### REQUIREMENT:
Beginning with the line that mentions "Some of the text", reproduce every line through the last line of the entries, exactly, and only those.

Dataset records
____

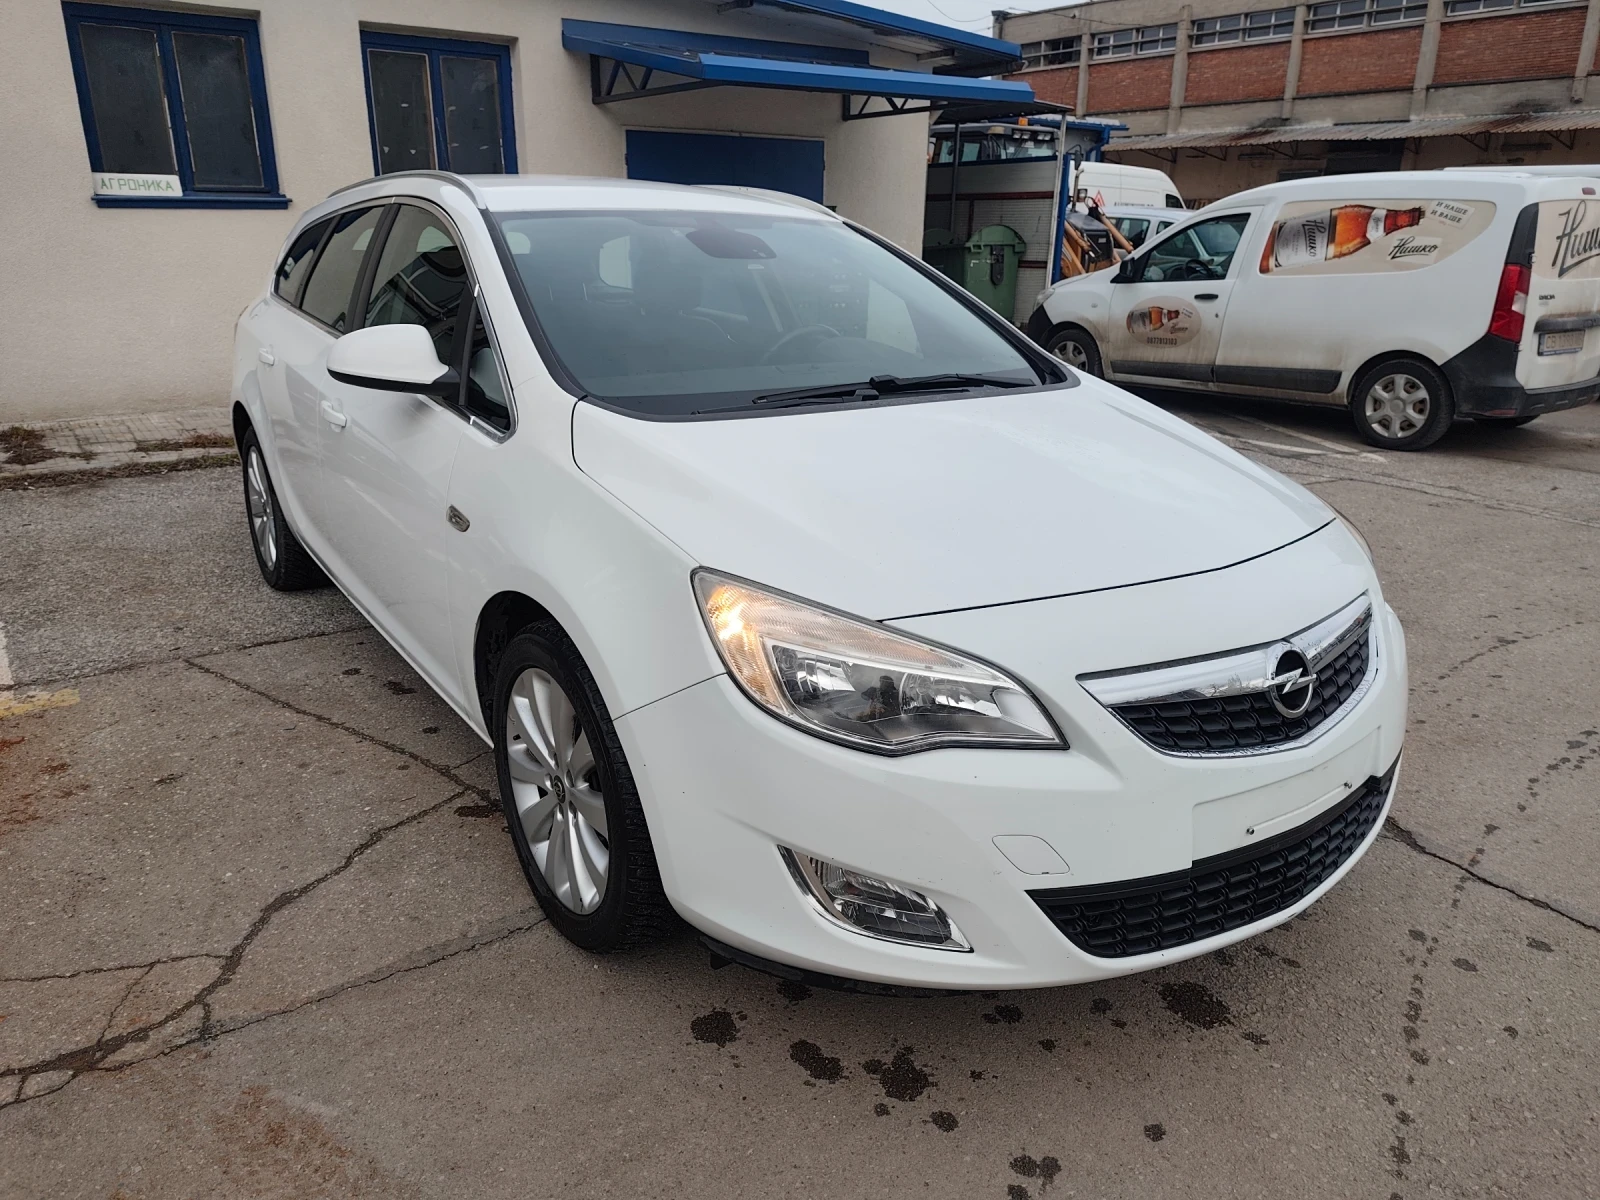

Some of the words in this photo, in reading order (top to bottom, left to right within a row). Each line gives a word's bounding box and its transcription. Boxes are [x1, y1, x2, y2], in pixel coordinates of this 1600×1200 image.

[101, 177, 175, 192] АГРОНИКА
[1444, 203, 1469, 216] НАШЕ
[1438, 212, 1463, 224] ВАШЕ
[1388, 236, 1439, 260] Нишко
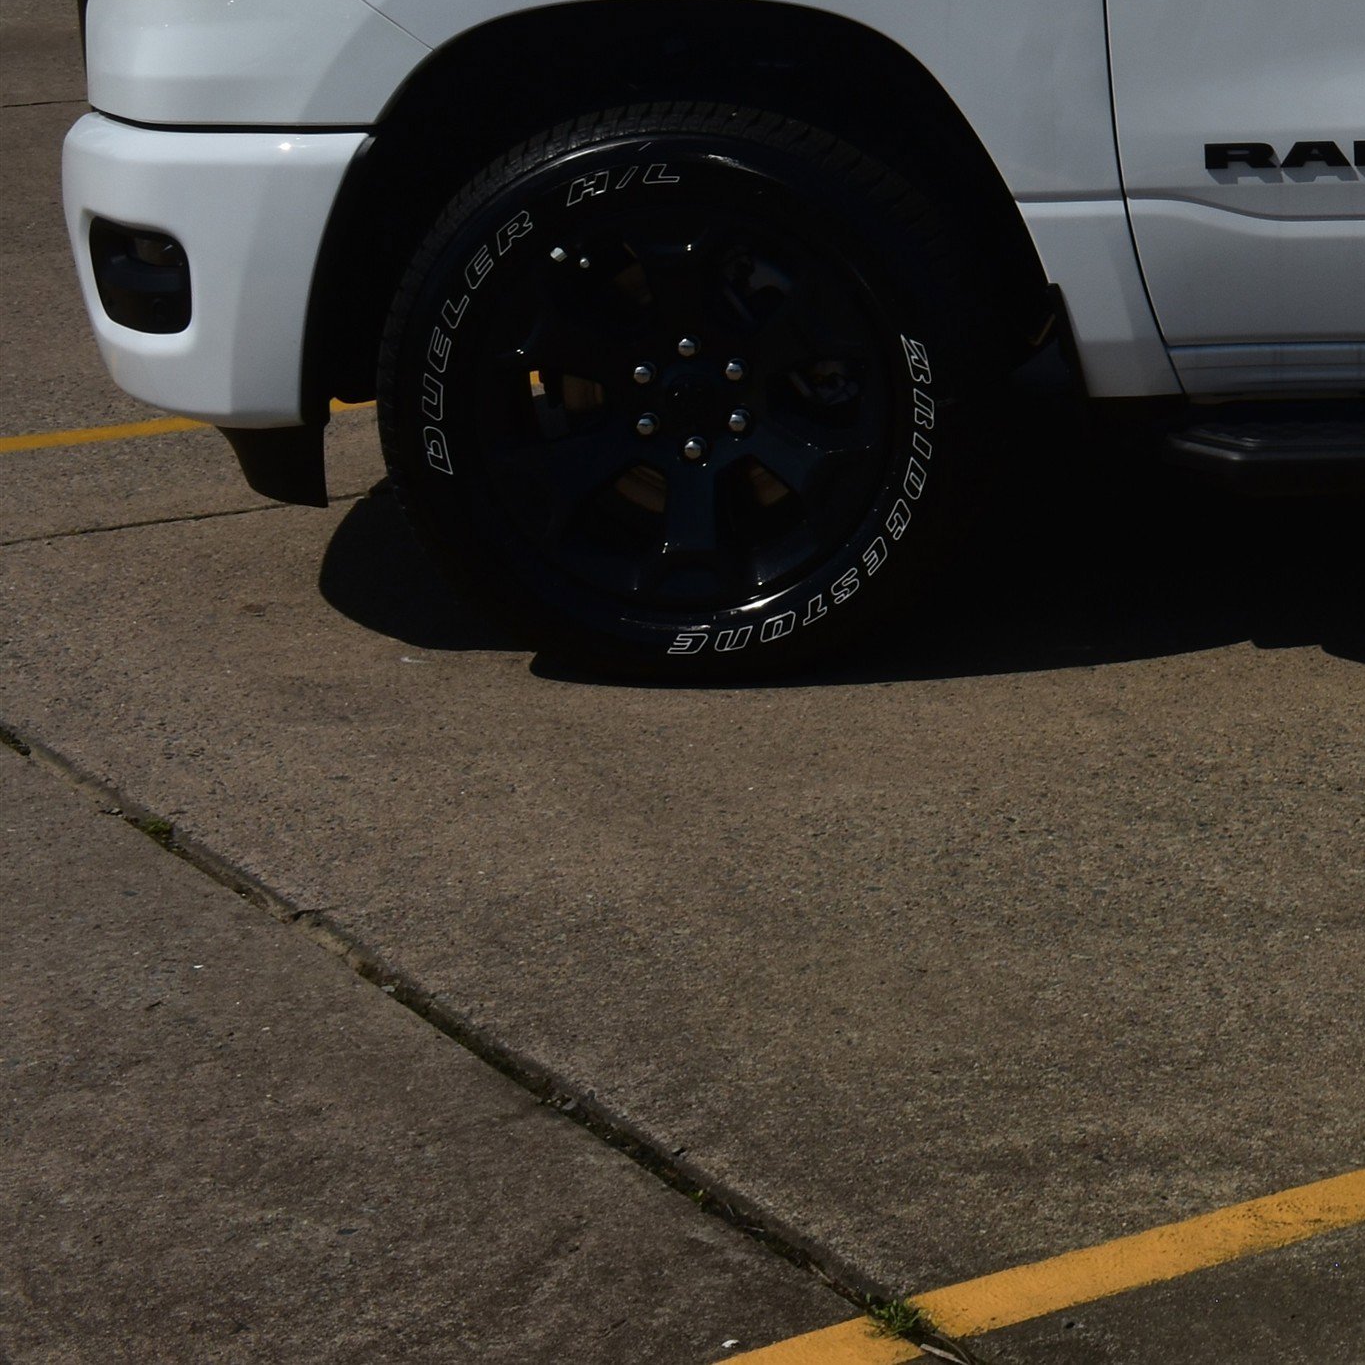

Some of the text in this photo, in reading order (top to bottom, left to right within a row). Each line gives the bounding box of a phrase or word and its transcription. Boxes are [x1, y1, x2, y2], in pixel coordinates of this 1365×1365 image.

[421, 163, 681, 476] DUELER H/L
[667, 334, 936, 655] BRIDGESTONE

____

### ANSWER FOR THIS EXERCISE:
Some of the text in this photo, in reading order (top to bottom, left to right within a row). Each line gives the bounding box of a phrase or word and its transcription. Boxes are [x1, y1, x2, y2], in pixel coordinates of this 1365×1365 image.

[421, 163, 681, 476] DUELER H/L
[667, 334, 936, 655] BRIDGESTONE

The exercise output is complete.